A Journey in Various Moods

A day-long journey along the Black Sea from Russia to Georgia can be quite an experience for anybody. The journey I took on this route, left an everlasting impression on me in many ways. Before coming to the USSR for higher studies, I had spent most of my life in the plains of Ganges in India. I had always thought that the horizon is where the green fields met the sky. I had had a singular chance of travelling across Garhwal1 and witnessing the grandeur and expanse of its mountains shortly before my foreign study trip. But the stretch along the Black Sea left an indelible impact on me not only for its natural beauty but for the experience that enriched my life.

Along with two Indian and three Nepali students, I boarded the train on one of the several railway stations of Moscow.
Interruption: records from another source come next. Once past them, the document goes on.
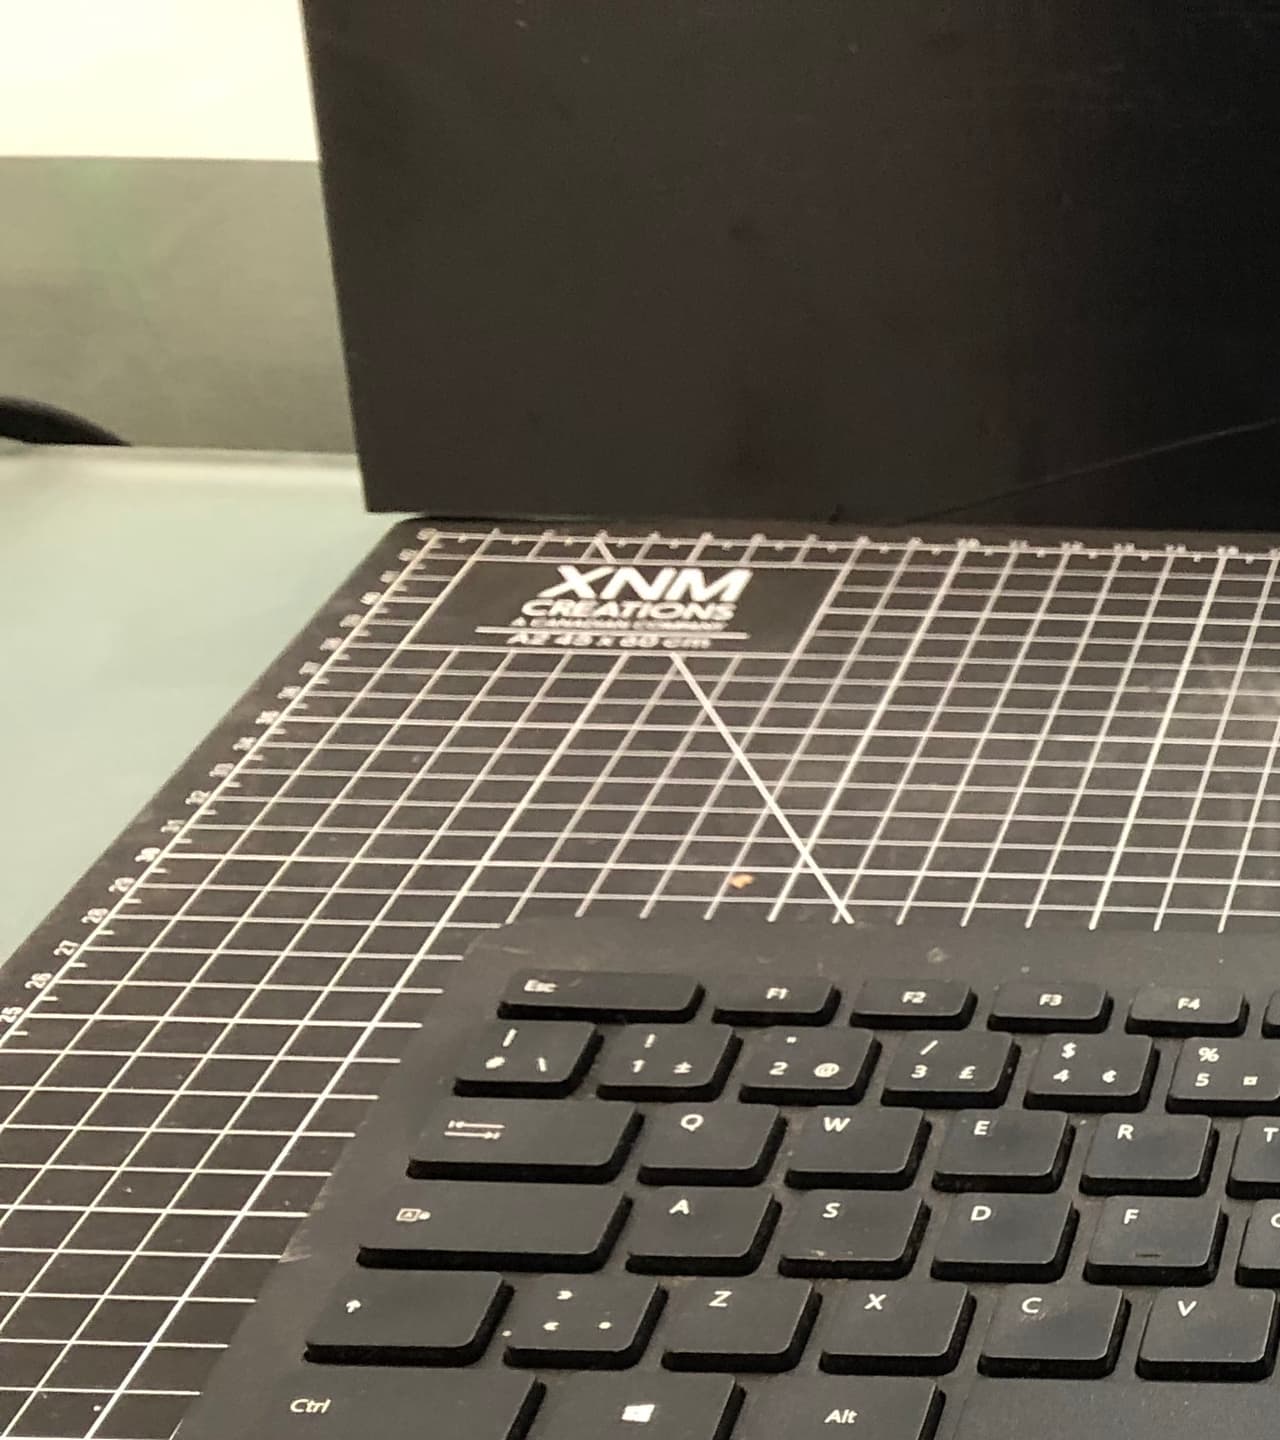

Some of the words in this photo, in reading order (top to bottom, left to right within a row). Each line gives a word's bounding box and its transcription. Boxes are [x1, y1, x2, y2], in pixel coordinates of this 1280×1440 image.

[539, 565, 754, 602] XNM
[522, 599, 738, 621] CREATIONS
[54, 940, 79, 956] 27
[524, 980, 556, 992] Esc
[766, 988, 788, 999] F1
[902, 991, 926, 1003] F2
[1040, 994, 1062, 1006] F3
[1178, 997, 1200, 1010] F4
[1062, 1042, 1076, 1059] $
[1198, 1047, 1219, 1062] %
[633, 1059, 645, 1073] 1
[769, 1062, 788, 1075] 2
[814, 1063, 840, 1077] @
[911, 1065, 928, 1078] 3
[1053, 1069, 1069, 1082] 4
[1195, 1073, 1210, 1087] 5
[680, 1114, 704, 1131] Q
[824, 1117, 851, 1132] W
[974, 1120, 990, 1135] E
[1117, 1124, 1134, 1140] R
[1264, 1127, 1279, 1142] T
[669, 1199, 689, 1214] A
[823, 1203, 840, 1218] S
[971, 1206, 991, 1221] D
[1124, 1209, 1139, 1224] F
[709, 1291, 732, 1307] Z
[864, 1294, 886, 1310] X
[1022, 1297, 1042, 1314] C
[1178, 1301, 1197, 1316] V
[290, 1399, 331, 1413] Ctrl
[824, 1409, 857, 1423] Alt
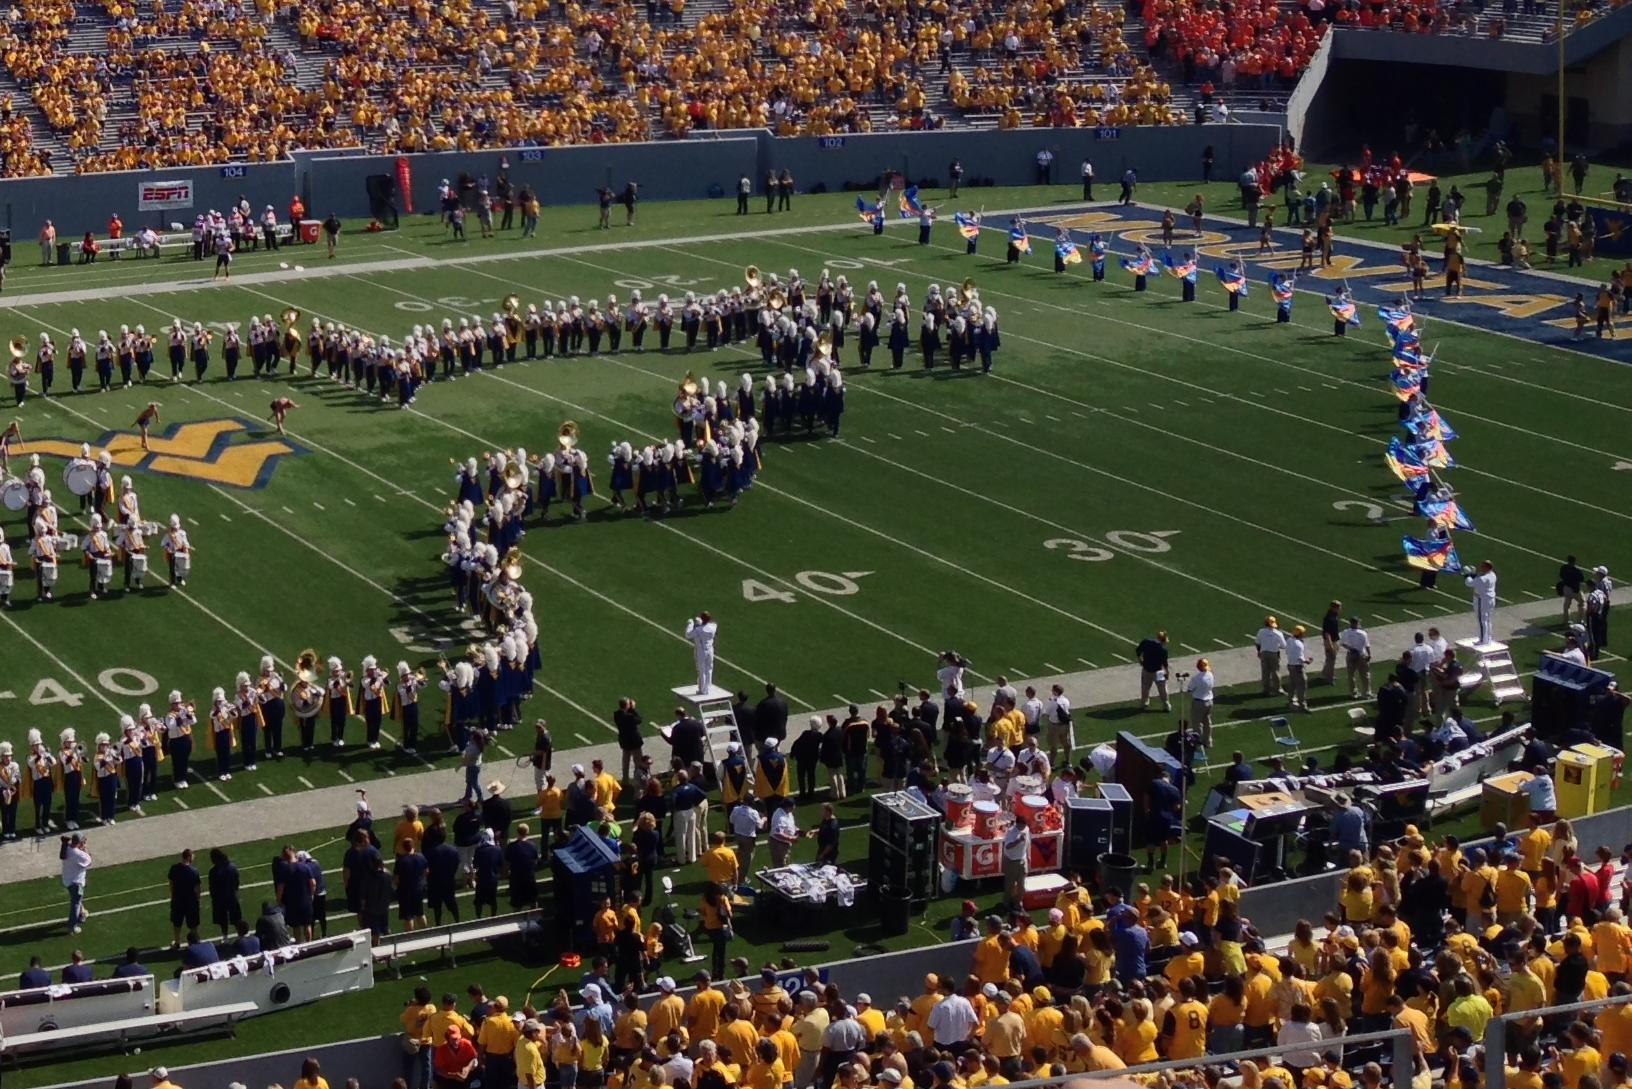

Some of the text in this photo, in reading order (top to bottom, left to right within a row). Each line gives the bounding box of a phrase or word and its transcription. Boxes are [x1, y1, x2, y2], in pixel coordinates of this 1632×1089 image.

[224, 166, 244, 177] 104
[143, 186, 189, 201] ESPN
[1043, 530, 1172, 562] 30
[742, 570, 860, 603] 40
[28, 667, 160, 707] 40
[975, 844, 994, 866] G
[1189, 1010, 1200, 1030] 8
Moscow has several railway-stations, from each of which trains bound in a particular direction run. The station we took our train from is called Kurskaya, and trains bound towards the south start from here.
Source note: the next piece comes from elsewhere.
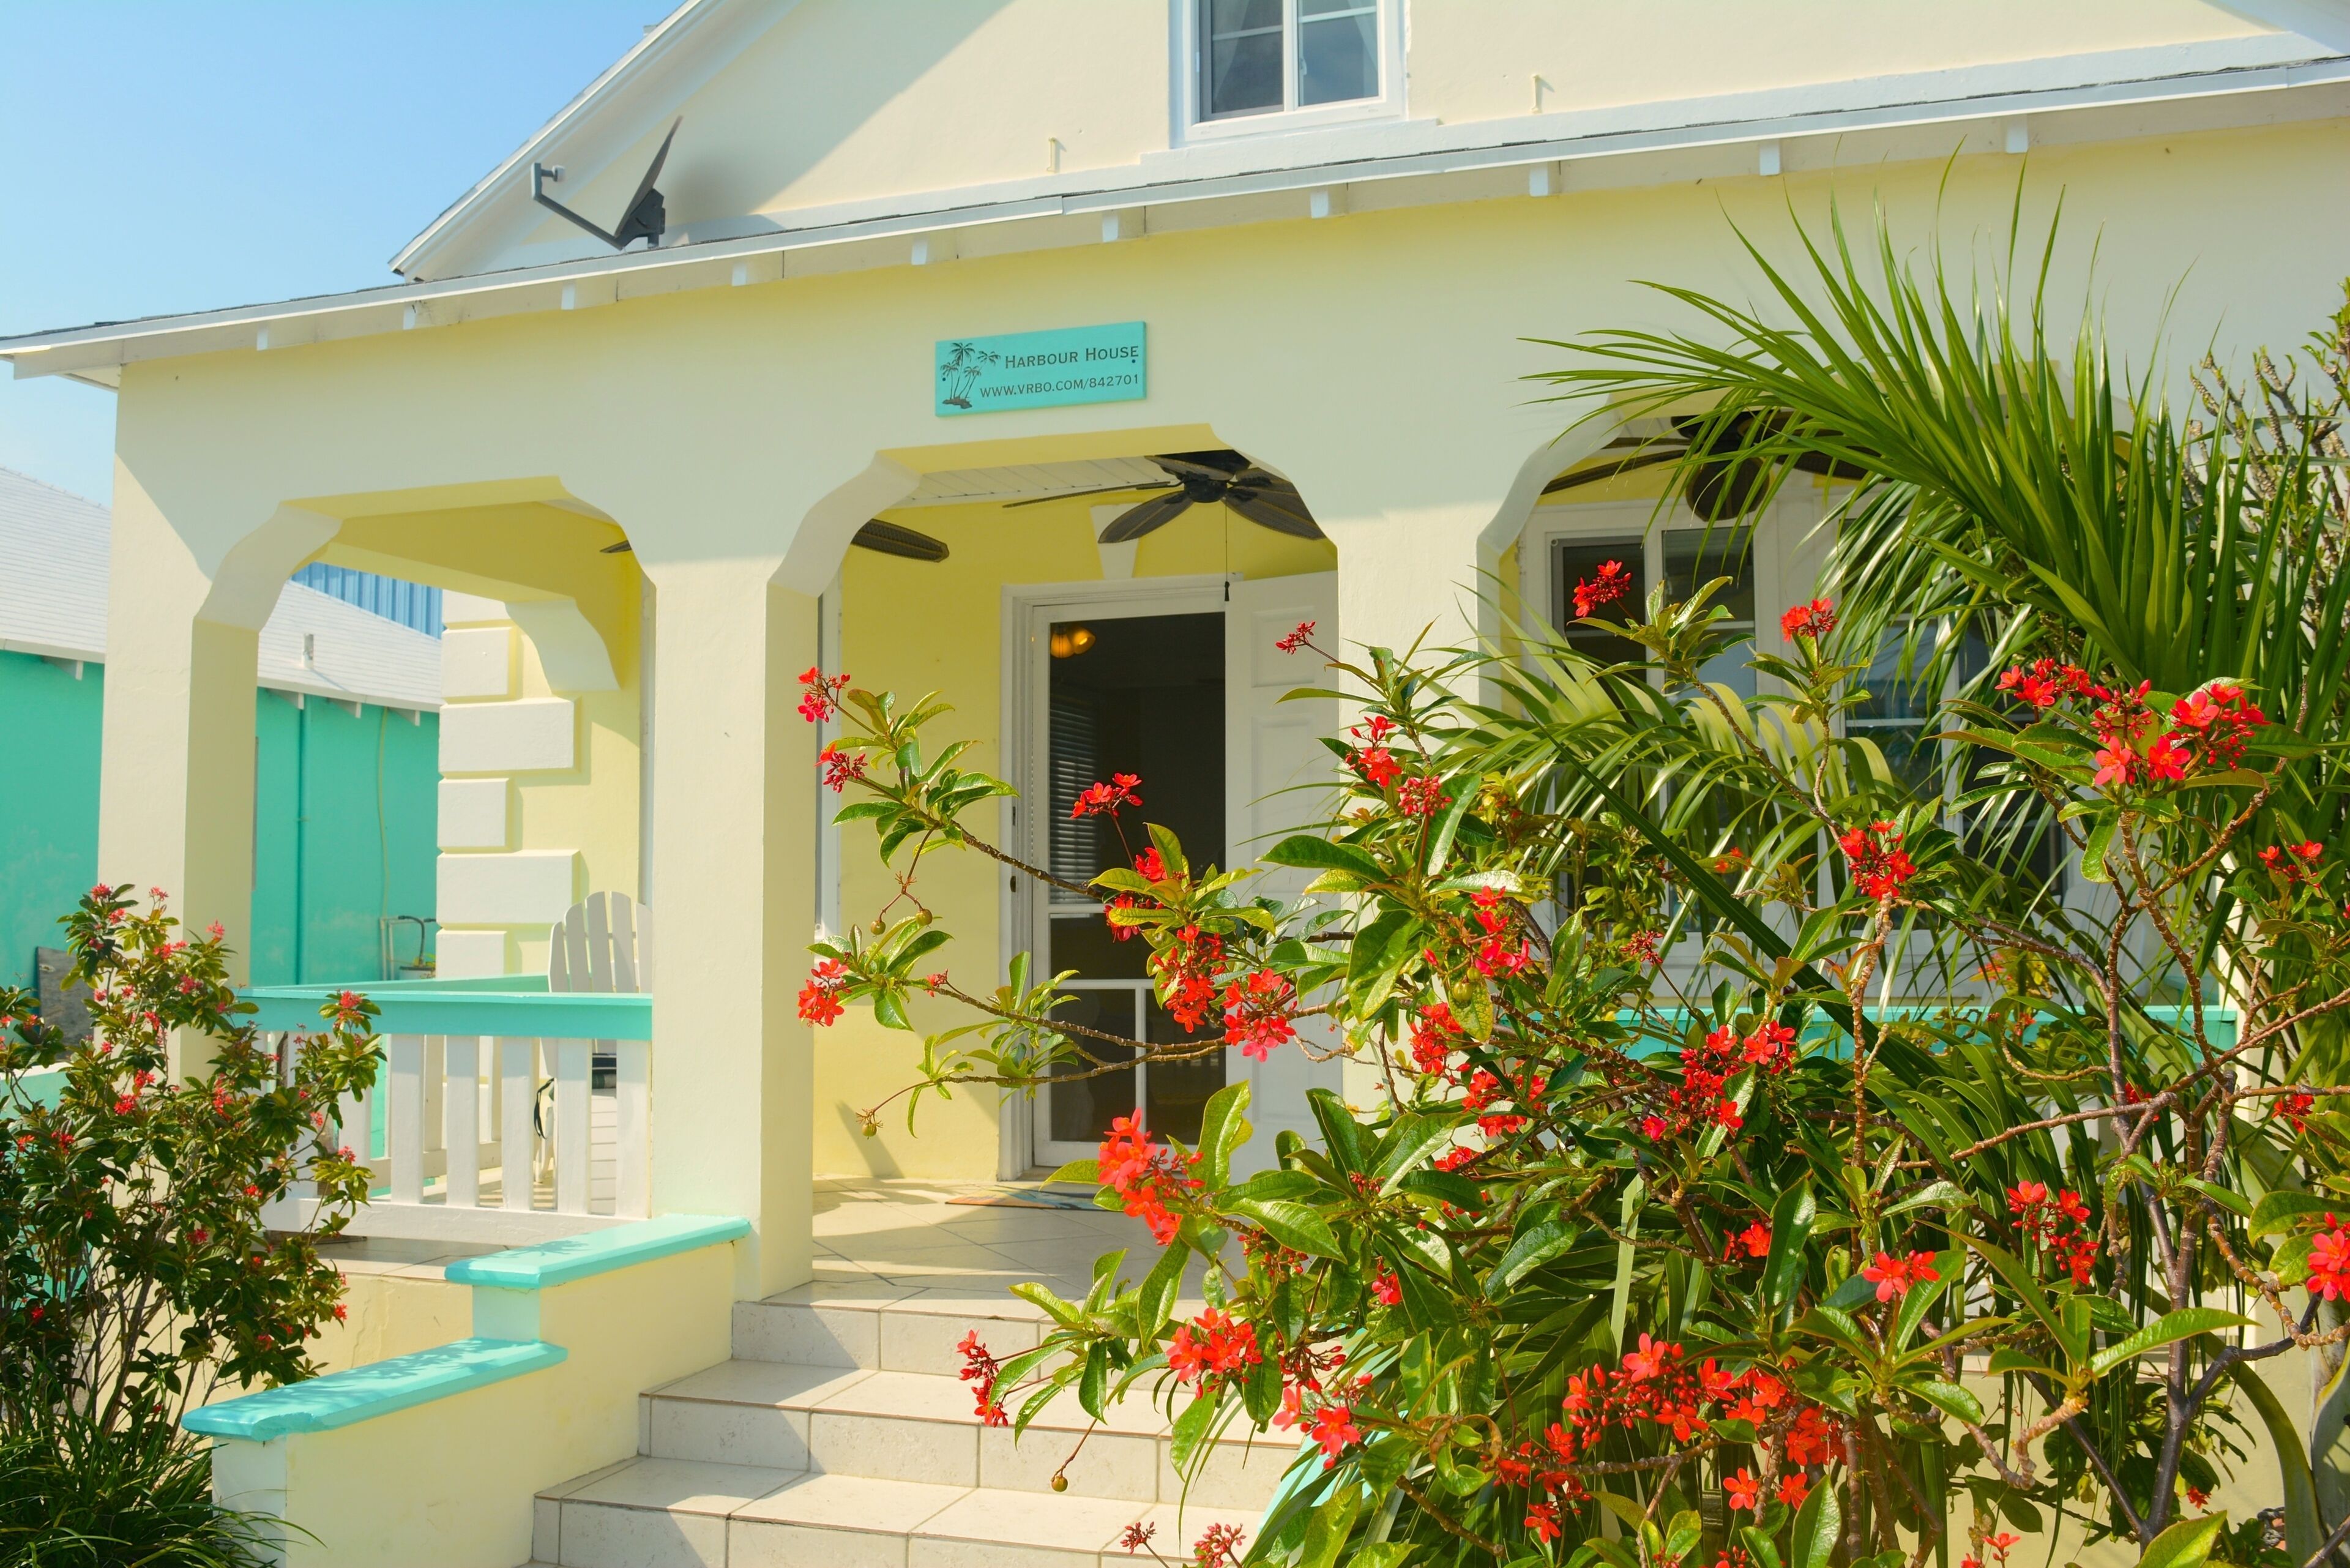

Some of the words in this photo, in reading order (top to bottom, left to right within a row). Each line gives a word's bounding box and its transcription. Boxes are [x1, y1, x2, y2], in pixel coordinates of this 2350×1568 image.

[1005, 351, 1078, 369] HARBOUR
[1086, 345, 1139, 361] HOUSE
[980, 374, 1138, 398] WWW.VRBO.COM/842701
I had grown up listening to tales of the Soviet Union and the glory of the socialist world from people who had witnessed (or believed to have witnessed) the fruits of socialism. And I had seen these people working for and believing in the cause of socialism with full devotion and dedication. My father spent his whole life working for the welfare of the working class, farmers, and down-trodden, believing that one day a society in which everyone is equal, will be built. Here, I have to mention with distress, that in the later part of his life, my father had realised that the purpose to which he and many his colleagues had dedicated their lives was not an attainable one. And he was not alone in this disillusionment; most of his comrades underwent the same agony and pain. Though this realisation distressed him a lot, it did not deter him from doing the work of social uplift till the last days of his life. I had heard tales of the dignity of labour, complete equality, of a healthy and developed society in the USSR from childhood.
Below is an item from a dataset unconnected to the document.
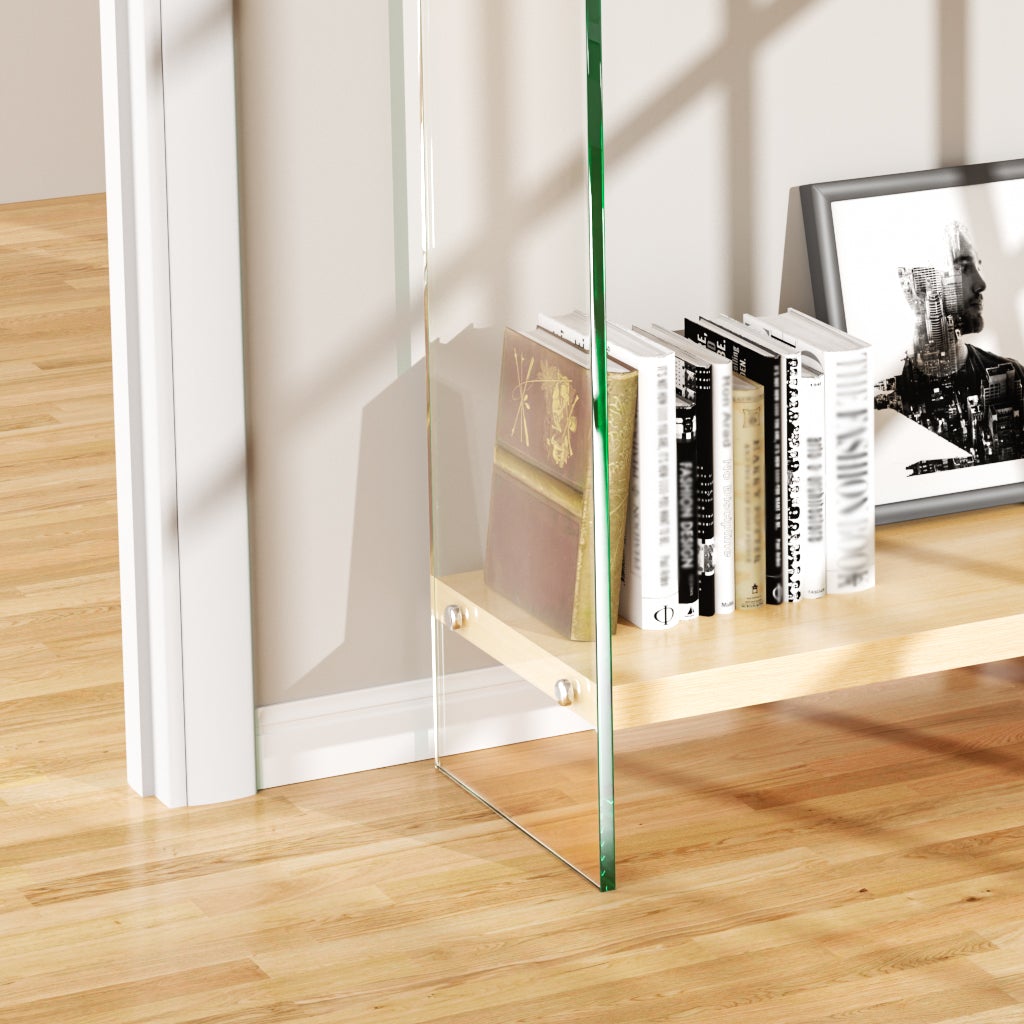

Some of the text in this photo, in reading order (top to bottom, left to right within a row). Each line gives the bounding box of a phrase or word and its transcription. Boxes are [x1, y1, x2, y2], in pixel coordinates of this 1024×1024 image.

[722, 412, 732, 448] Arad
[836, 408, 869, 515] FASHION
[679, 461, 693, 519] FASHION
[679, 521, 694, 569] DESIGN
          My journey to a new dawn

When people arrive in a foreign land for the first time, generally they are a bit apprehensive, excessively careful and continuously on alert. Contrary to all this, thanks to the childhood tales, when I arrived in Moscow on the 22nd August 1981, I was very relaxed. We were briefed in Delhi that on arrival someone would come to receive us at the airport and take us to the specified destination. While waiting for the person, I dozed off at the airport amidst all the din around. Such relaxed attitude in a completely new place is incomprehensible to me today, but it was an indication of how firmly I believed in the Soviet system, thanks to my upbringing.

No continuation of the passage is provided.